Doctors were using “stone age” methods to pick out those patients who might need extra help at the end of their lives, risking overburdening palliative care services with the relatively well while denying treatment to those who need it, researchers concluded. More scientific methods of predicting who was nearing the end of life were needed to end reliance on faulty medical intuition, experts said.
GPs, nursing homes and some hospitals often use a simple screening question to pick up which of their patients with long-term conditions such as heart failure or cancer are likely to need palliative care, asking themselves: “Would you be surprised if this patient died within the next 12 months?”
This arbitrary “information” is oftentimes used to determine access to euthanasia or assisted suicide.

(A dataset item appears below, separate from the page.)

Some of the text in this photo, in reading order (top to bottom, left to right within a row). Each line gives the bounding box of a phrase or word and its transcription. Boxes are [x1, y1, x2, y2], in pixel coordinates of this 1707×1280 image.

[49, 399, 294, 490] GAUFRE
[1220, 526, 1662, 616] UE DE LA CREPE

When people believe their lives are getting near “the end,” they may then become more likely to seek means of ending their life – all based on guesswork:
Paddy Stone of University College London, who led the study, said this was not used in discussions with patients — “you wouldn’t say, ‘I wouldn’t be surprised if you were dead within a year’ ” — but in an attempt to trigger extra help for those who needed it without committing to specific predictions of weeks or months.
“The ‘surprise question’ plays a role in encouraging them to identify those of their patients who may benefit from palliative or end of life care, without the need for a precise survival prediction,” he said. “Doctors often feel like they’re making a self-fulfilling prophecy if they are asked to give a specific prognosis, but if they’re just asked this gentle question it makes it easier.”

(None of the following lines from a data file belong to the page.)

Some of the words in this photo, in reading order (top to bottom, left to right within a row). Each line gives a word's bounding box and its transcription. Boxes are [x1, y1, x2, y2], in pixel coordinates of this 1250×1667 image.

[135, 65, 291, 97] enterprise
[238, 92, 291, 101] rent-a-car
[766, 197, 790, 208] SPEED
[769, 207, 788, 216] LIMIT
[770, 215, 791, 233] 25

He looked at 25,718 times doctors and nurses had answered the question across 22 studies, finding overall they were 75 per cent accurate. However, much of this was driven by successfully predicting that patients who were unlikely to die would not do so.
When doctors said they would not be surprised if someone were dead within a year, the patient lived longer in 54 per cent of cases. They were also surprised by 1,238 of the 4,217 deaths in the study, published in the journal BMC Medicine.

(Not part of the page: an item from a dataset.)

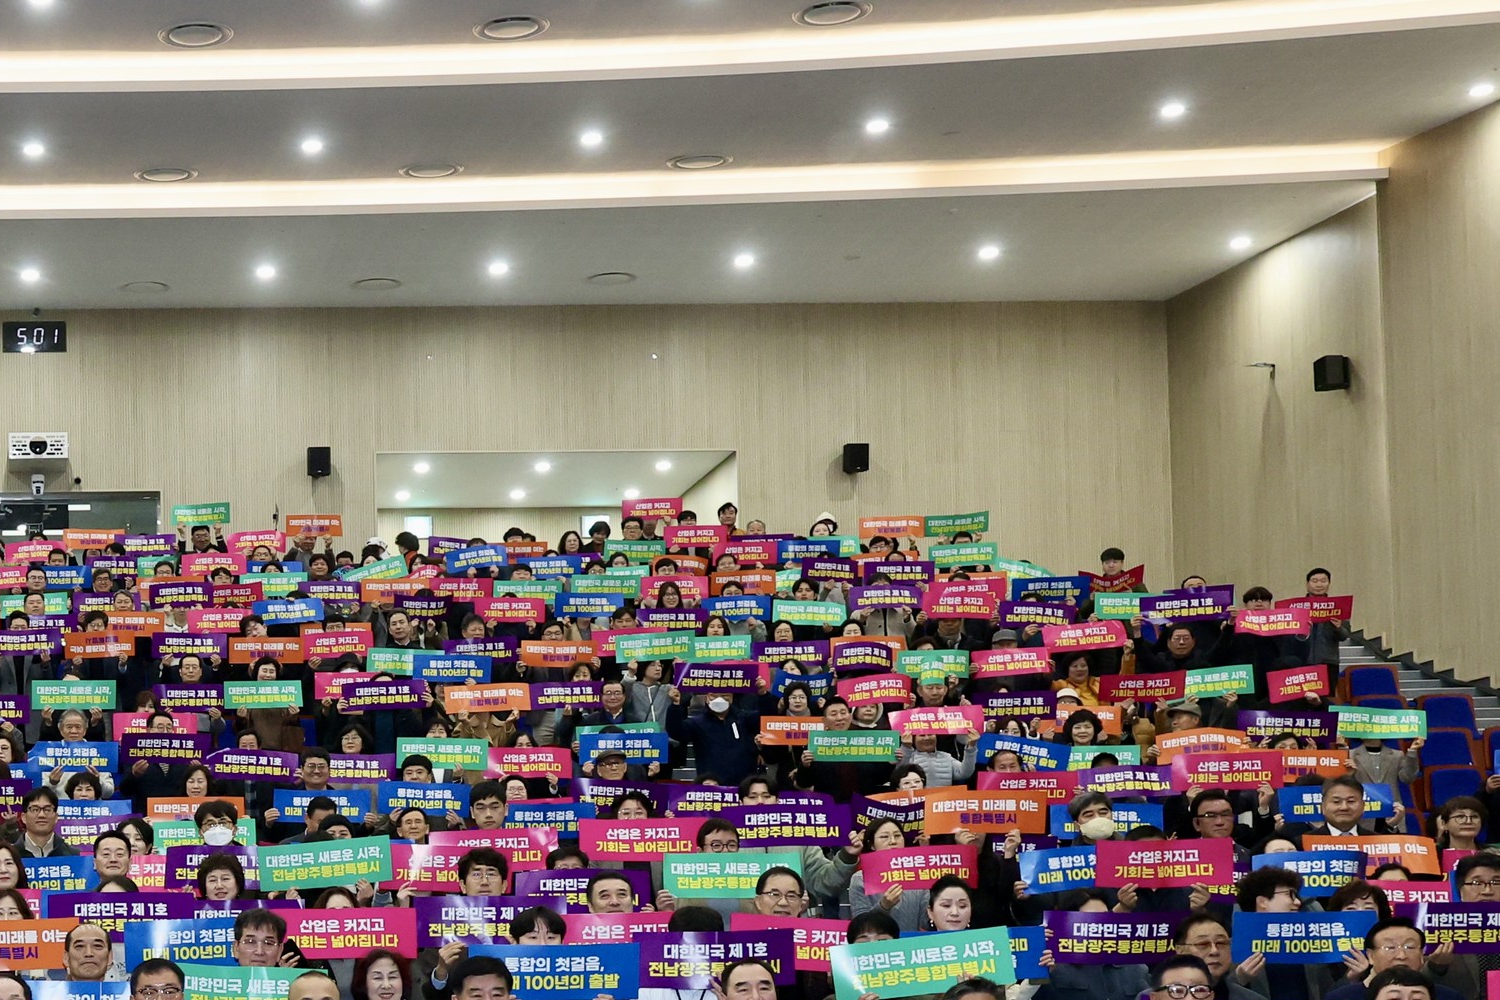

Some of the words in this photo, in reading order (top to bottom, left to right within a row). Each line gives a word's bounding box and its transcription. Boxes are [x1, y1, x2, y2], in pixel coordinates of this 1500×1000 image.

“It’s not bad but we think we ought to be able to do better,” Professor Stone said. He added that patients wrongly identified as in the last year of life should not be alarmed, as this simply meant doctors would have a discussion with them about their wishes,[emphasis added] which was likely to be helpful at some point.
If doctors’ assessments about a patient’s lives are so prone to being “off,” why would we base euthanasia and assisted suicide legislation on this error-prone assessment? Such legislation is not just irresponsible – it flippantly plays with citizens’ lives:
Bill Noble, medical director of the charity Marie Curie, said: “An accurate prognosis concerning the length of a terminal illness can be a really difficult thing for clinicians to get right, even for people in the advanced stages. While we may be able to improve the accuracy of predictions, these will ultimately always be expressed in terms of risk of death within a particular time frame. No two people are the same.”
This isn’t the first time medical professionals and research have verified that end-of-life assessments for terminal illnesses are error-prone. Professor Gregory Crawford has warned us before about such mistaken diagnoses:
… I looked after a 15-year-old girl who had a malignancy who looked like she was dying. I was working as the clinical head of palliative care at a hospital in Adelaide, and she was referred to us on the basis that she only had weeks to live. She had difficult pain to manage and other symptoms that led to her becoming more and more withdrawn.
I was slow to recognise that she was depressed and I found it hard to find advice and support about to manage it. I looked in the literature and talked to psychiatrists and other colleagues. I ended up changing her antidepressants and she made a miraculous improvement, both physically and psychologically. She improved and lived for another 12 months. She had serious, progressive disease but her physical function and her ability to interact and live improved. She went off on a holiday, achieved some other things on her wish list and made lots of other nice memories for her family.
She died at home, supported by our palliative care service and her GP, and we had support from the paediatric palliative care service.
The implications of not diagnosing are that patients have increasing suffering and may not be getting the best treatment. They may be losing an opportunity to have more time or meaningful interaction with people around them. For their families, this can be a very large trauma; to not understand why somebody has turned their back on them or why they might be rejecting relationships, being overwhelmingly sad, or wanting to die precipitously. When triggered by depression, those responses can be quite challenging.
Legally allowing people to both kill themselves and others based on this shaky, error-prone information isn’t just irresponsible – it is morally wrong. Australians deserve better than euthanasia and assisted suicide, and we can ALL live without it.